Sensemaking Tools Documentation - v1.0.0

Jigsaw's tools for sensemaking

Overview

Sensemaker, an evolving toolkit developed by Jigsaw, helps make sense of large-scale online conversations, leveraging LLMs to categorize statements, and summarize statements and voting patterns to surface actionable insights. There are currently three main functions:

  • Topic Identification - identifies the main points of discussion. The level of detail is configurable, allowing the tool to discover: just the top level topics; topics and subtopics; or the deepest level — topics, subtopics, and themes (sub-subtopics).
  • Statement Categorization - sorts statements into topics defined by a user or from the Topic Identification function. Statements can belong to more than one topic.
  • Summarization - analyzes statements and vote data to output a summary of the conversation, including an overview, themes discussed, and areas of agreement and disagreement.

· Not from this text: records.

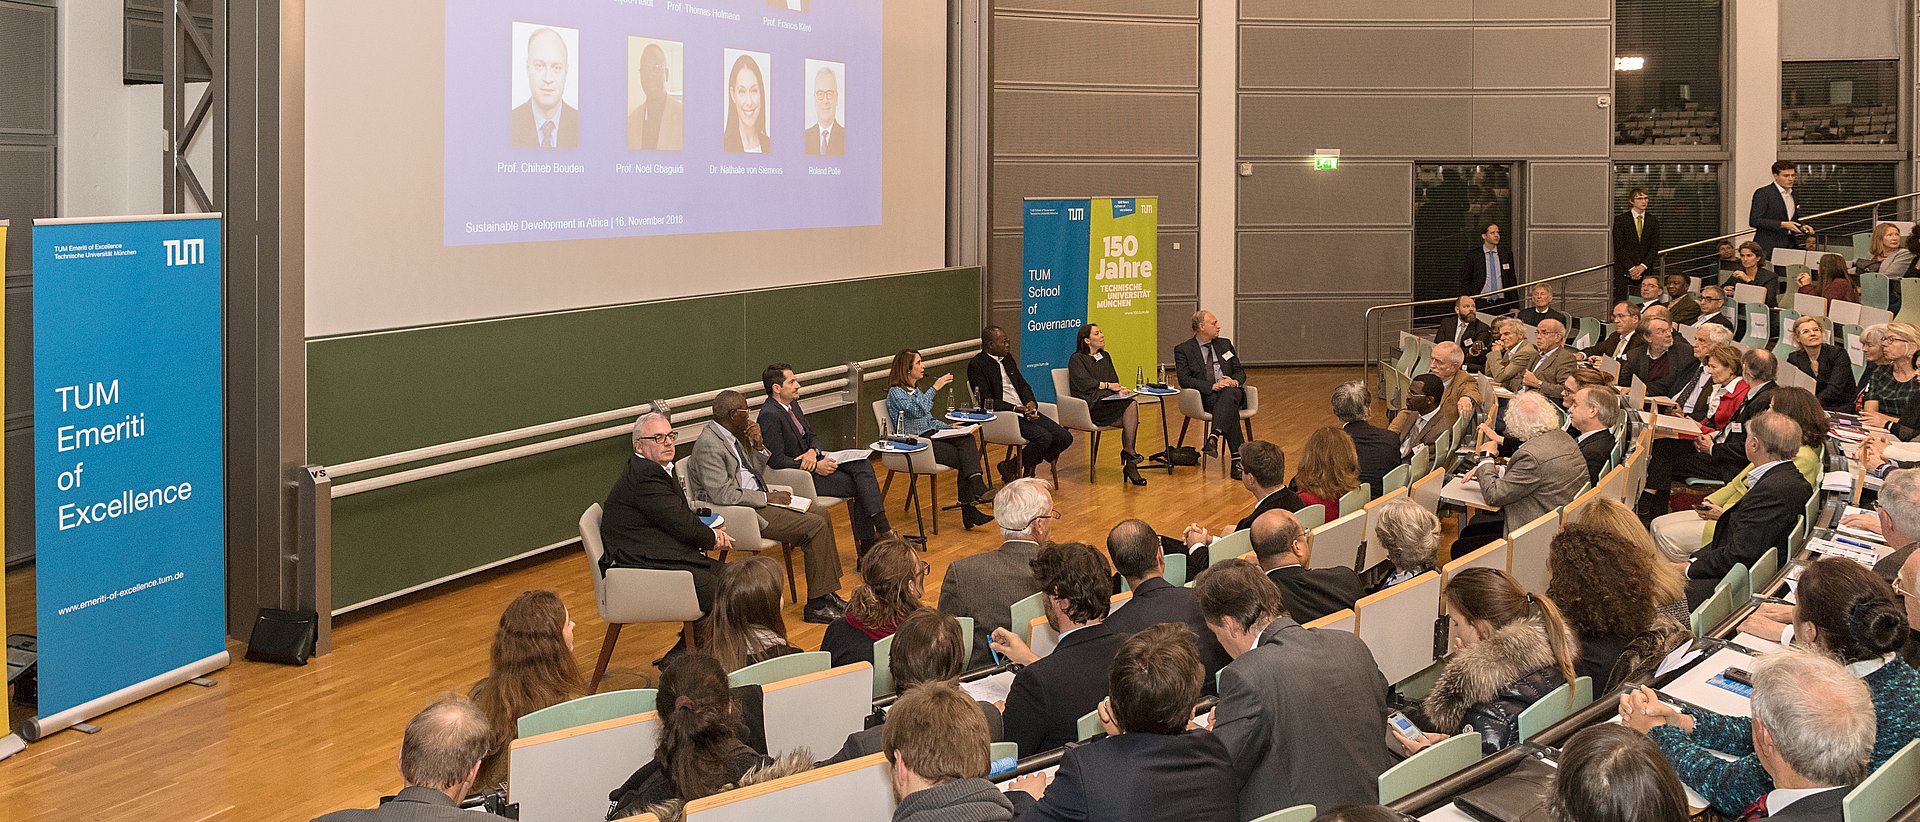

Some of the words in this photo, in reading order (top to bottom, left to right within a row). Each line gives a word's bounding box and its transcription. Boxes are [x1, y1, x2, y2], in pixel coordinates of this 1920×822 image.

[667, 0, 682, 13] Prof.
[685, 3, 711, 17] Thomas
[712, 8, 740, 21] Hofmann
[763, 16, 777, 27] Prof.
[778, 19, 799, 31] Francis
[497, 162, 518, 173] Prof.
[521, 162, 551, 173] Chiheb
[553, 162, 585, 174] Bouden
[616, 163, 634, 174] Prof.
[709, 164, 719, 175] Dr.
[720, 164, 745, 175] Nathalie
[746, 166, 757, 175] von
[758, 165, 783, 175] Siemens
[808, 166, 827, 175] Roland
[1068, 207, 1084, 221] TUM
[1140, 204, 1153, 214] TUM
[465, 220, 519, 233] Sustainable
[521, 218, 576, 232] Development
[577, 218, 585, 229] in
[586, 216, 609, 229] Africa
[615, 215, 627, 227] 16.
[628, 214, 664, 227] November
[666, 213, 684, 225] 2018
[68, 244, 87, 252] Emeriti
[88, 243, 94, 251] of
[94, 242, 122, 251] Excellence
[163, 238, 204, 266] TUM
[1103, 235, 1138, 257] 150
[54, 252, 85, 260] Technische
[85, 250, 113, 259] Universität
[113, 249, 137, 257] München
[1028, 268, 1051, 281] TUM
[1094, 256, 1153, 280] Jahre
[1028, 284, 1060, 298] School
[1100, 283, 1143, 293] TECHNISCHE
[1107, 288, 1151, 300] UNIVERSITÄT
[1027, 303, 1038, 315] of
[1096, 298, 1132, 309] MÜNCHEN
[1027, 318, 1082, 332] Governance
[55, 378, 119, 413] TUM
[57, 411, 145, 453] Emeriti
[57, 462, 84, 491] of
[58, 482, 192, 531] Excellence
[57, 570, 185, 616] www.emeriti-of-excellence.tum.de

Please see these docs for a full breakdown of available methods and types. These tools are still in their beta stage.

How It Works

Sensemaker provides an option to identify the topics present in the comments. The tool offers flexibility to learn:

  • Top-level topics
  • Both top-level and subtopics
  • Sub-topics only, given a set of pre-specified top-level topics

Categorization assigns statements to one or more of the topics and subtopics. These topics can either be provided by the user, or can be the result of the "topic identification" method described above.

Topics are assigned to statements in batches, asking the model to return the appropriate categories for each statement, and leveraging the Vertex API constrained decoding feature to structure this output according to a pre-specified JSON schema, to avoid issues with output formatting. Additionally, error handling has been added to retry in case an assignment fails.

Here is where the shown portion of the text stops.